Le condizioni di cattività in cui nasce la democrazia americana vengono qui mostrate in tutta la loro vivida forza; ogni tassello della pellicola è una fucilata alla pancia dello spettatore, ogni inquadratura, un chiodo da schiacciare sulla croce simbolo del martirio. Il sangue che, nel sensazionale e travolgente finale, inonda il volto di Jennifer Jason Leigh, alimenta il lago di plasma su cui verranno erette le fondamenta di un sistema democratico costruito sulla violenza brutale e sul razzismo.
Il calvario di Daisy Domergue è simbolicamente connesso alla catena cui è legata al suo carceriere John Ruth. La loro simbiosi rappresenta l’ambiguità della condizione umana. Ogni scelta è in qualche modo corrotta, falsa, sbagliata. Tutti mentono in funzione di un dogma che non è “ideale” in senso platonico, ma disperatamente contingente, opportunistico. Assieme al cadavere di Daisy ciondola un pezzo di arto del suo boia, frammento monco del braccio mozzato del giustiziere, vilipendio del decoro e della forma, miserabile “resto” d’una figura leggendaria. (L’arcano XIII senza nome, che miete corpi e teste…). Non c’è pessimismo in Tarantino, semmai un bisogno di epuzione e di catarsi.
La zuppa calda: i fagioli ingurgitati da Terence Hill in “Lo chiamavano Trinità”.
Il preziosismo della caramella rossa fa le assi del pavimento della taverna: particolare che tornerà utile un’ora dopo.
Questo film è legato, da un punto di vista psicologico, al “Carnage” di Polanski, anche se “The Hateful Eight” ha una caratterizzazione dei personaggi molto simile a quella dei giochi di ruolo (e delle carte dei tarocchi).

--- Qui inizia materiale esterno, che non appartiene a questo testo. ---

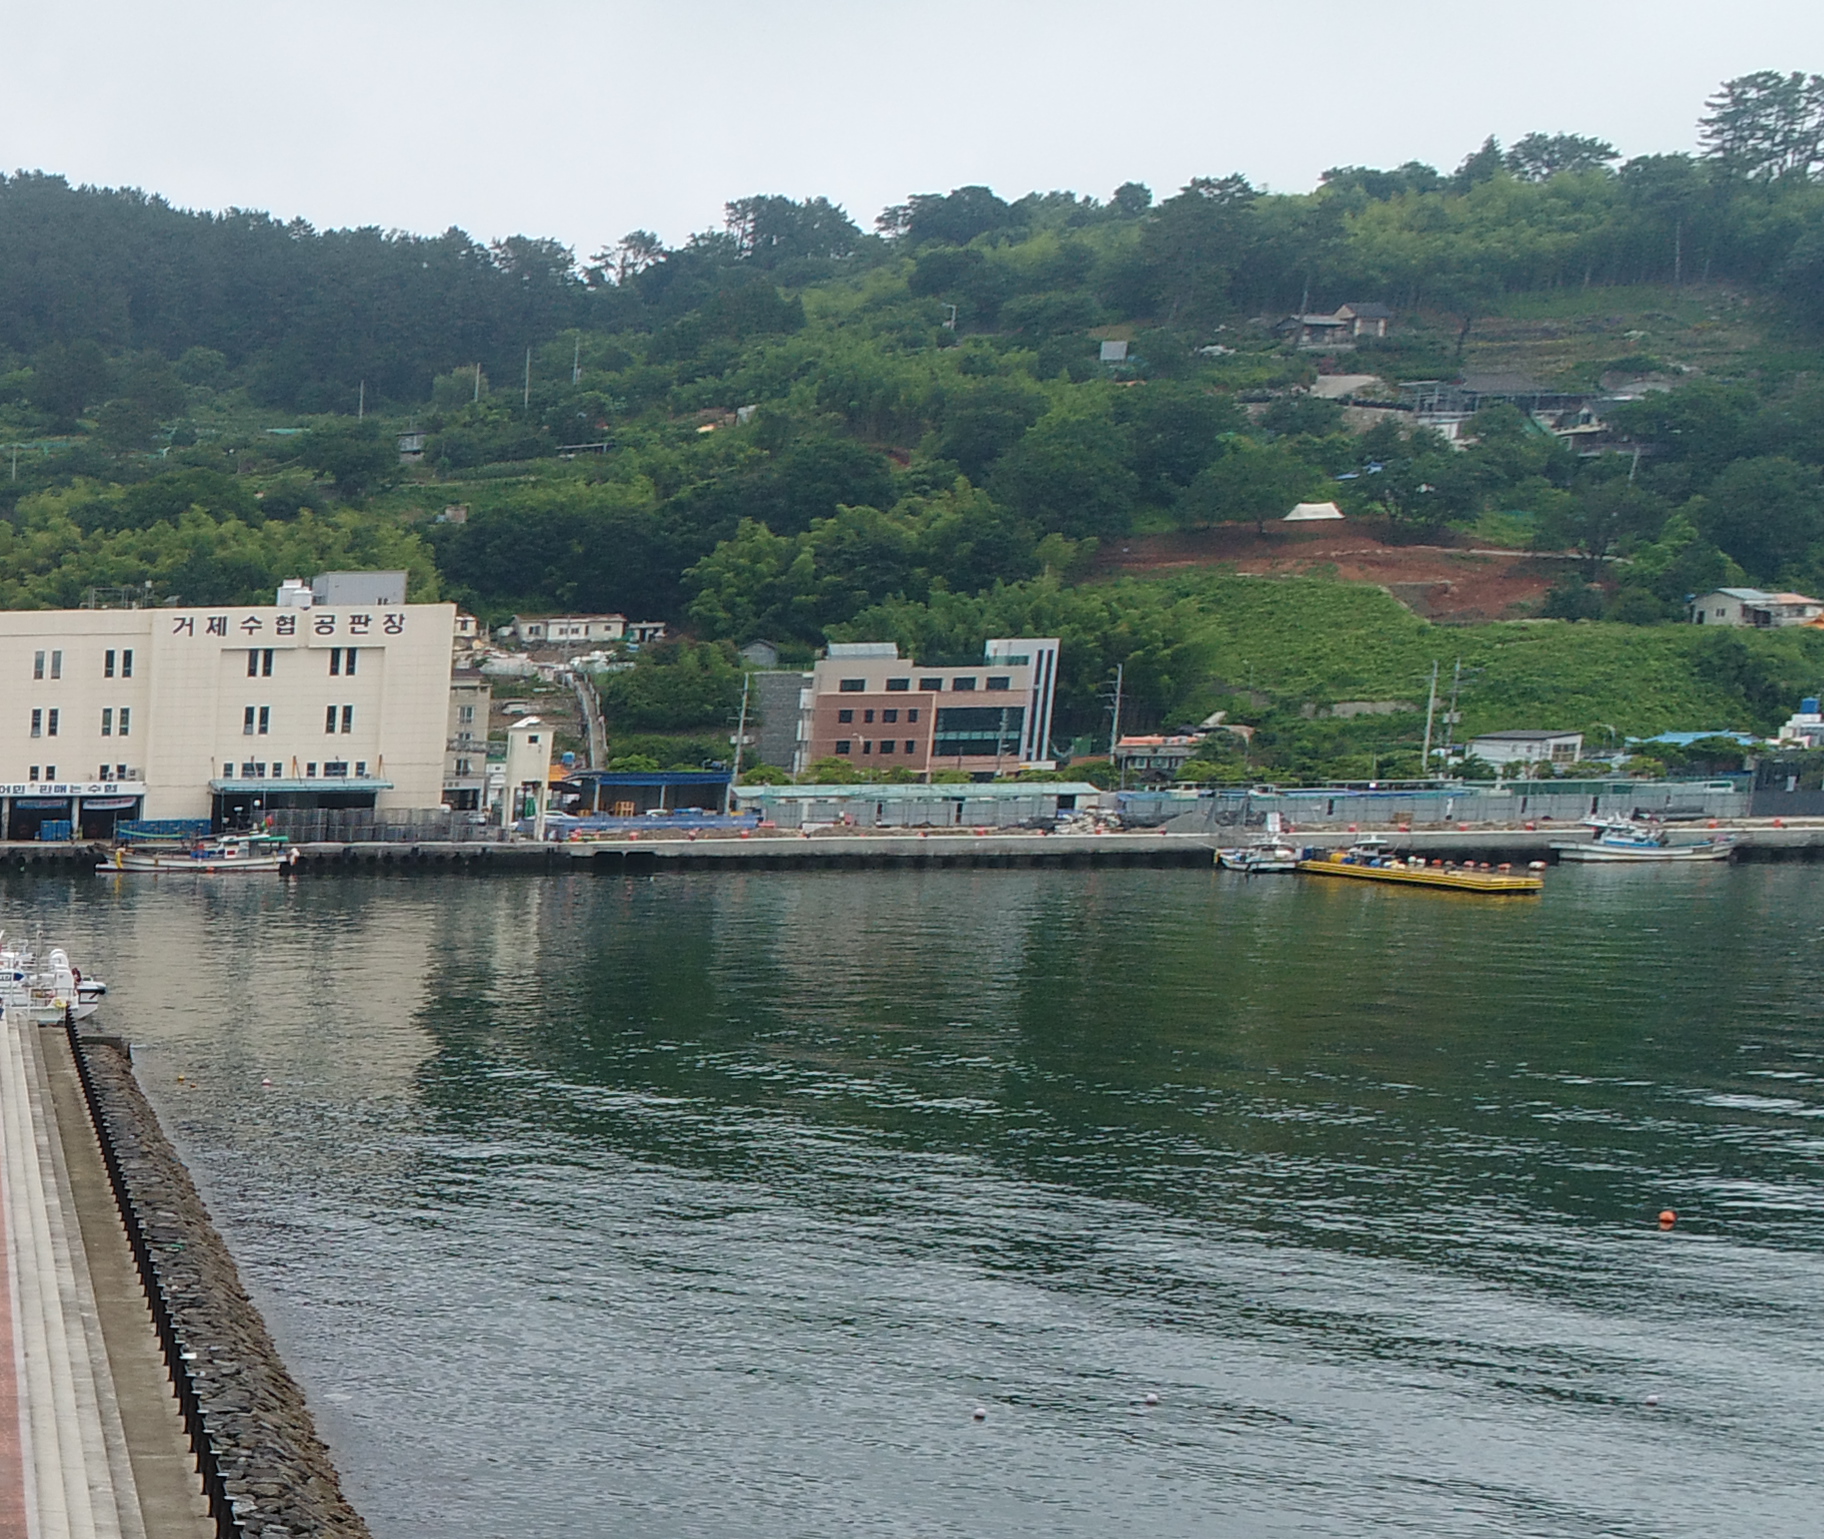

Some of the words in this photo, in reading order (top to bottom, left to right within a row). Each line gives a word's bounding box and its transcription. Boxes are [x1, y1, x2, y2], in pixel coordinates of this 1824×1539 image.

[172, 614, 296, 637] 거제수협
[313, 612, 405, 636] 공판장
[39, 784, 82, 794] 판매는
[88, 784, 118, 794] 수협
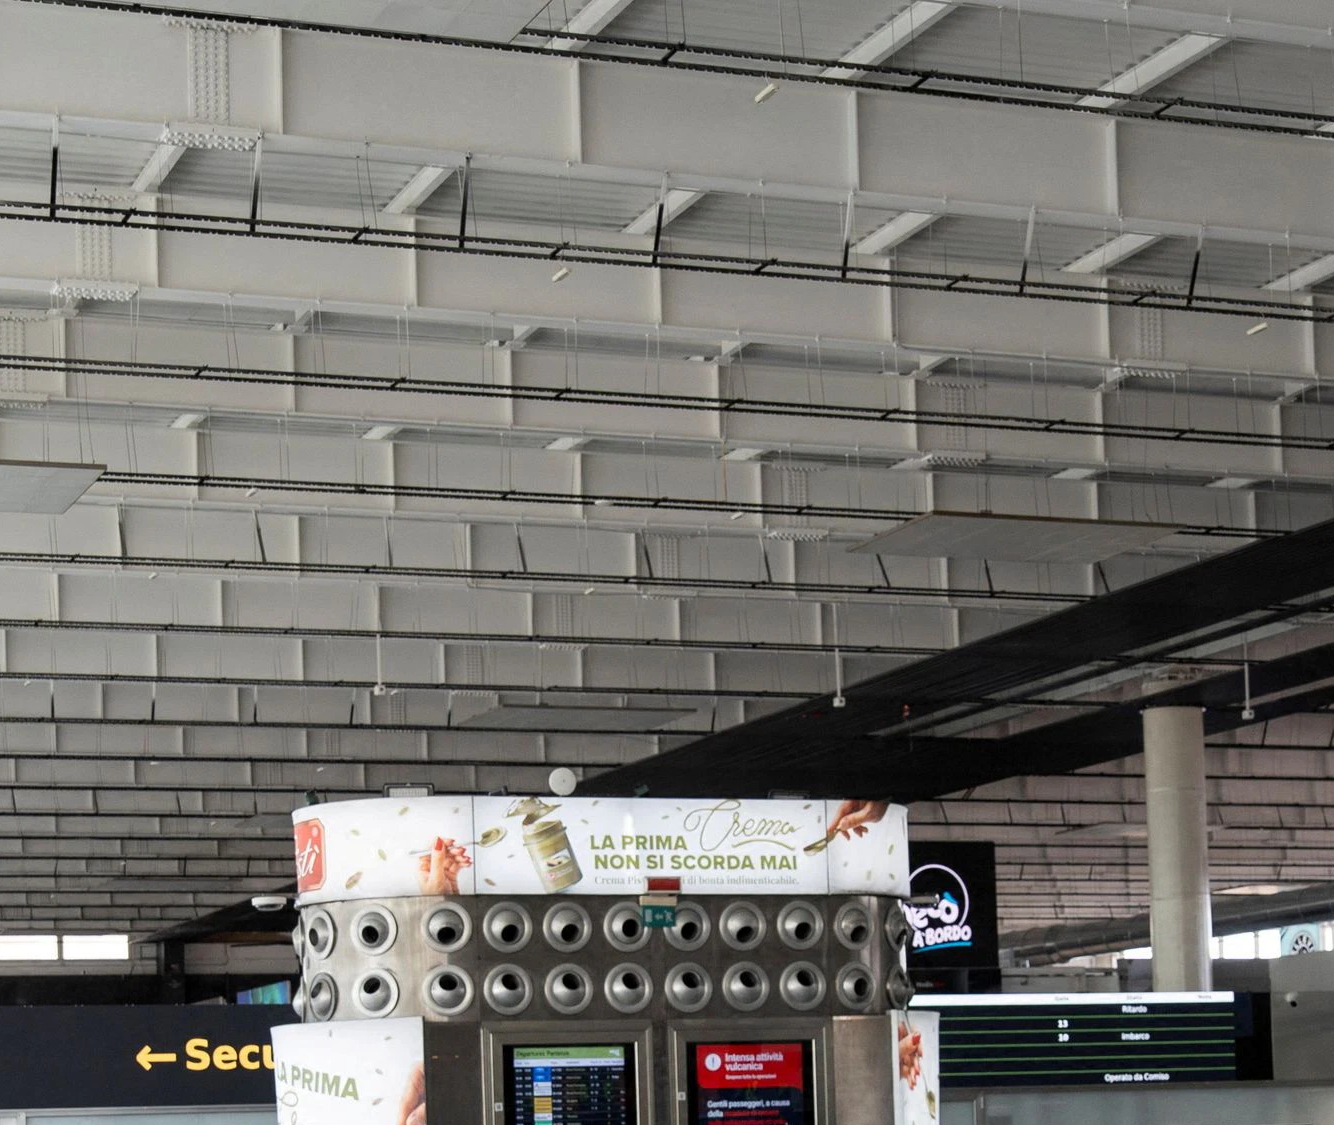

Insomma, ciascun personaggio è investito d’un magnetismo totalizzante, universale. L’individuo è dominato e agito kafkianamente dalla legge, e questa assume di volta in volta i contorni cangianti della soggettività culturale e del microcosmo degli avatar di riferimento.

L’assenza di passione è la vera essenza della giustizia.
(ci sarebbe molto altro da aggiungere).